A. Progression of Thrombus despite medical therapy

  • Possible features of imminent bowel infarction → endovascular thrombolysis or surgical intervention are necessary
    • Endovascular thrombolysis (may involve TIPS) have high rates of recanalization (in the 90% range)

B. Her Clot was a Chronic Non-Cirrhotic PVT

  • May be associated with Ascites, Gastroesophageal Varices, Splenomegaly
  • Primary (NSBB or EVL) and Secondary prophylaxis for bleeding are recommended, with note made most evidence for this is extrapolated from the cirrhosis population.
  • Especially with established collaterals, there is less benefit of anticoagulant or interventional therapy (focus should be on managing portal hypertensive complications as a result of the PVT) in patients without underlying thrombophilia.

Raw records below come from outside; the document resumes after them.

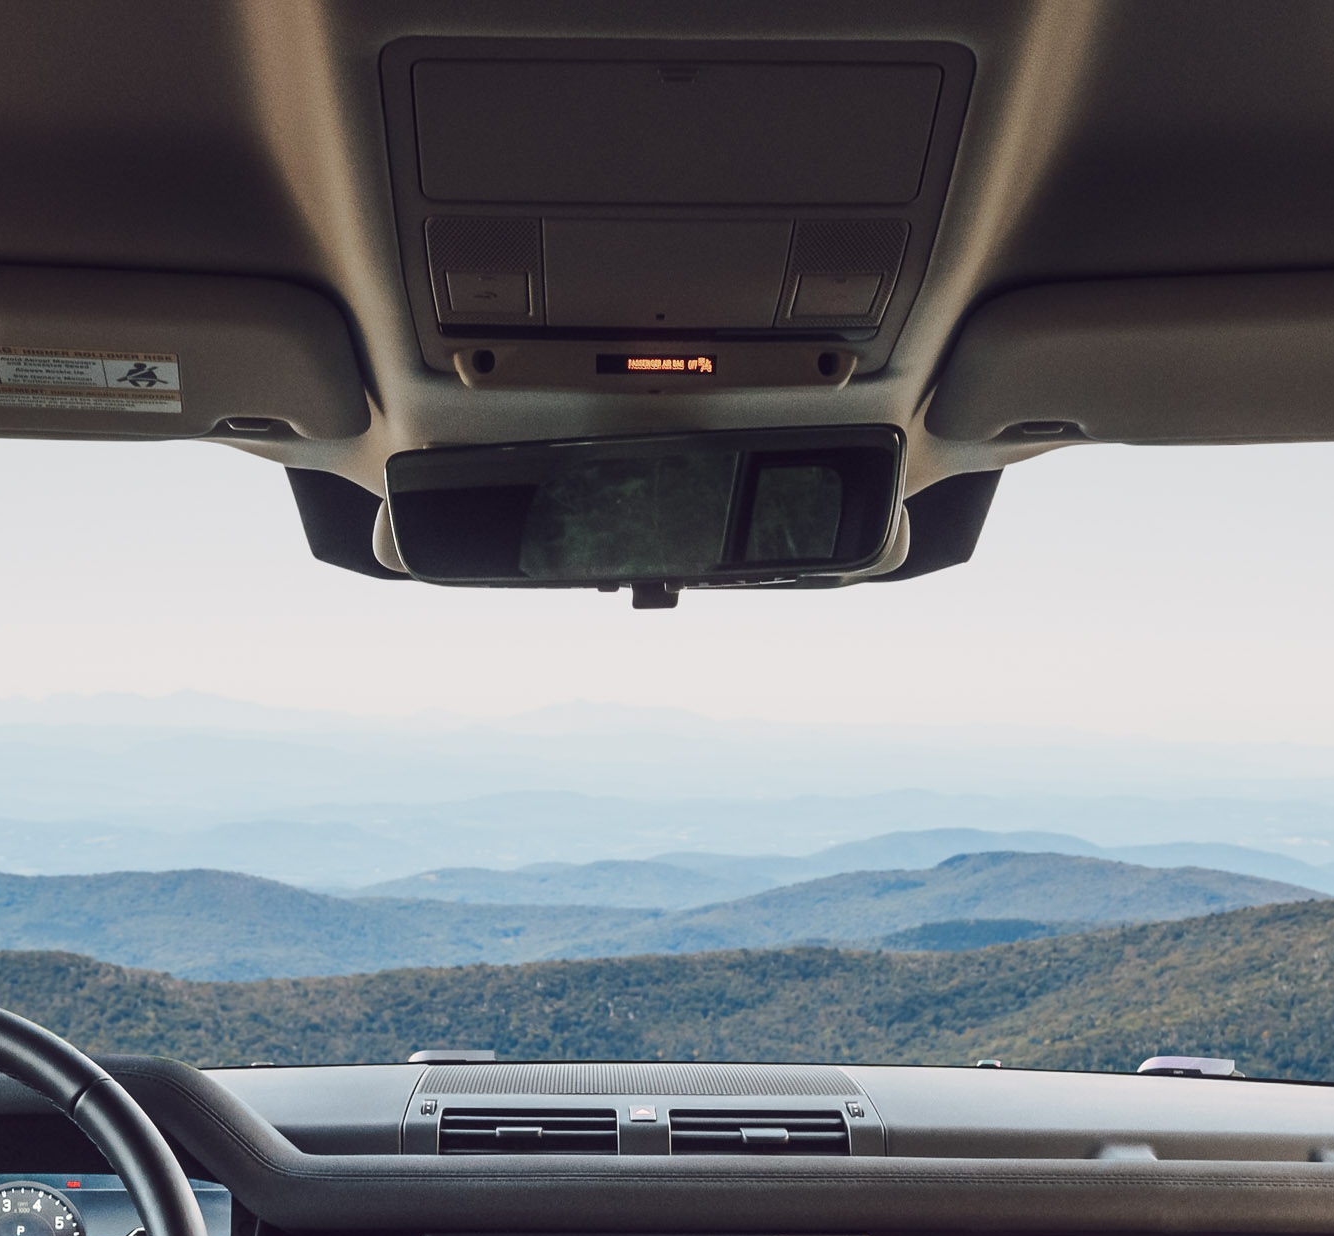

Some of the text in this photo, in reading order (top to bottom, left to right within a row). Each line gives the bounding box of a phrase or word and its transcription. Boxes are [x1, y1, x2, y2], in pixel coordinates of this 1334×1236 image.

[2, 1199, 12, 1212] 3
[33, 1199, 42, 1212] 4
[55, 1216, 65, 1230] 5
[17, 1225, 25, 1236] P
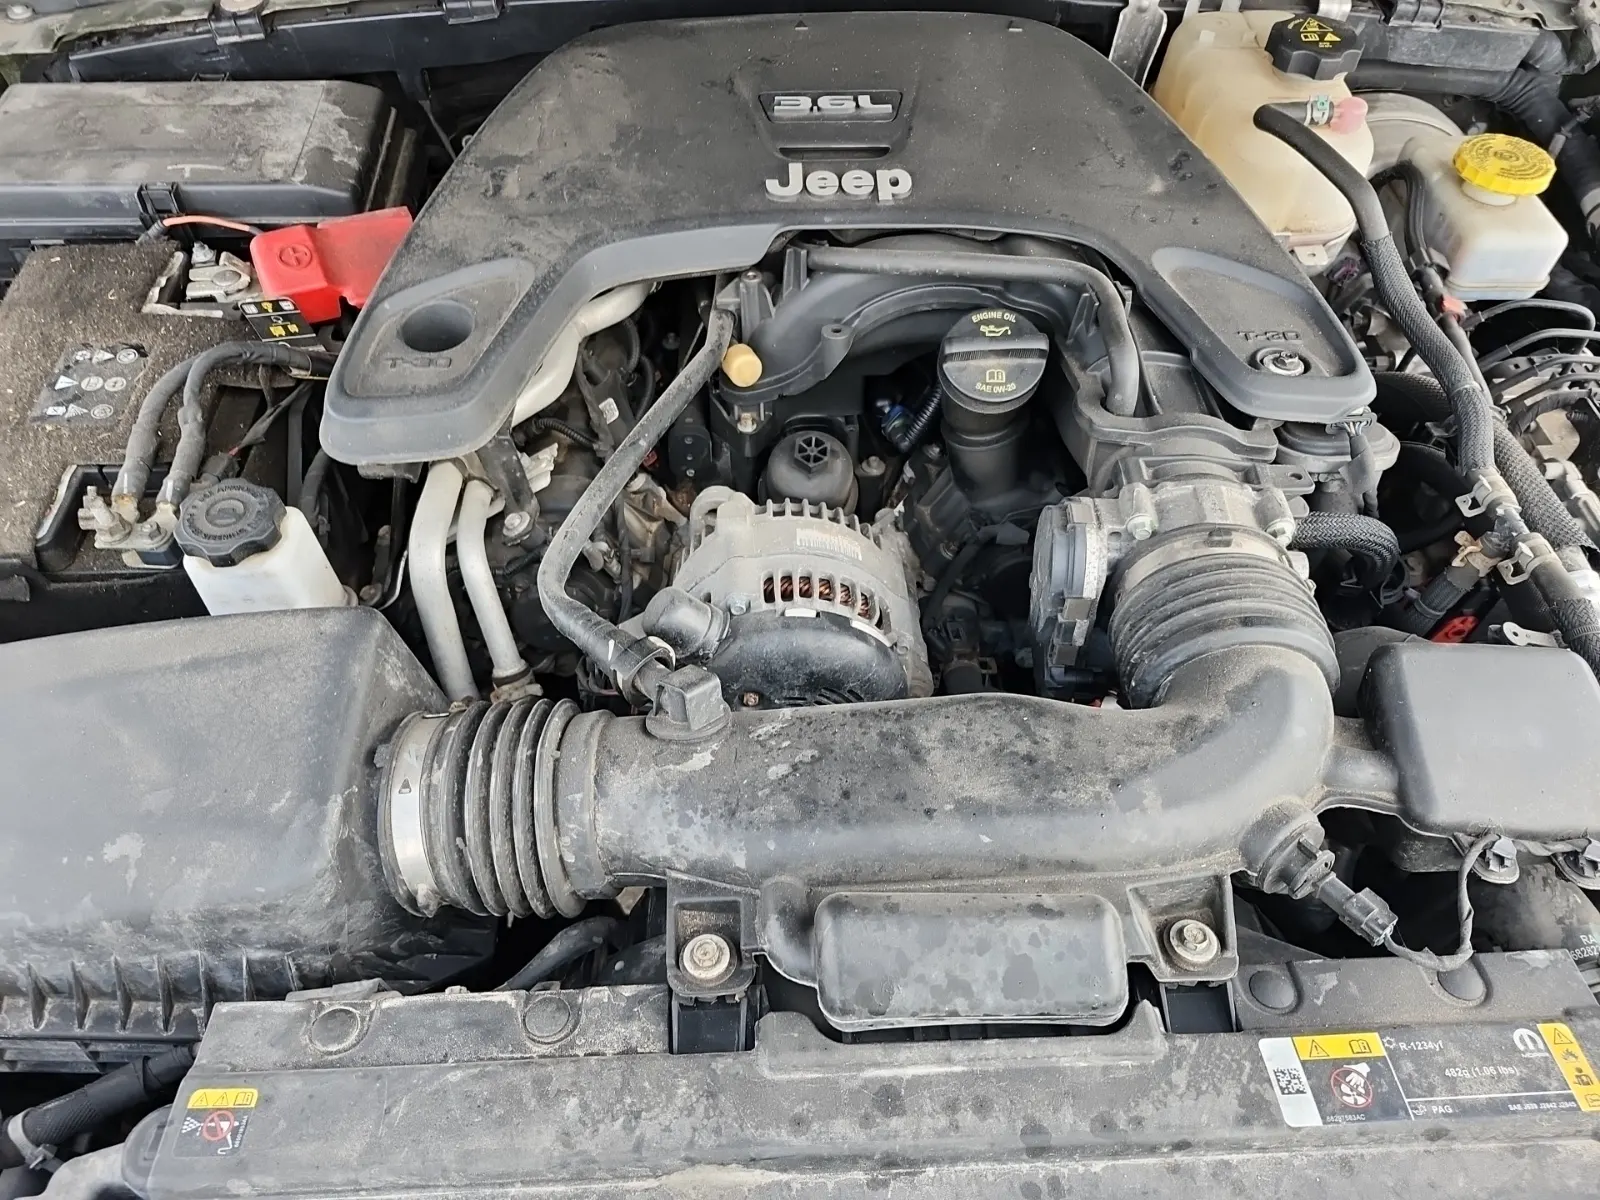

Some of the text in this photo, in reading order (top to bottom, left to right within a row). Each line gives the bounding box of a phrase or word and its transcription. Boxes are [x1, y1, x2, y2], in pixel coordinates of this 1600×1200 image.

[774, 95, 892, 115] 3.6L
[765, 163, 913, 204] Jeep
[971, 311, 1017, 323] ENGINE OIL
[975, 382, 1017, 394] SAE 0W-20
[1399, 1039, 1444, 1052] R-1234yf
[1444, 1065, 1519, 1078] 482g (1.06 lbs)
[1431, 1105, 1453, 1114] PAG

Because our patient has a potent thrombophilia, she would still need lifelong anticoagulation. 

Back to the case

Our patient was discharged on enoxaparin bridge to indefinite vitamin K antagonist therapy. A DOAC was considered, however in patients with APLS low molecular weight heparin or vitamin K antagonist therapy is recommended due to an increased general thrombotic recurrence rate with DOAC treatment in this particular prothrombotic condition. Given her diagnosis of anti-phospholipid syndrome (potent thrombophilia), recurrent VTE is common (>10% per year), and therefore she would benefit from lifelong anticoagulation. Follow-up cross-sectional imaging at 3 months showed complete recanalization of her portal vein and she had no further complications.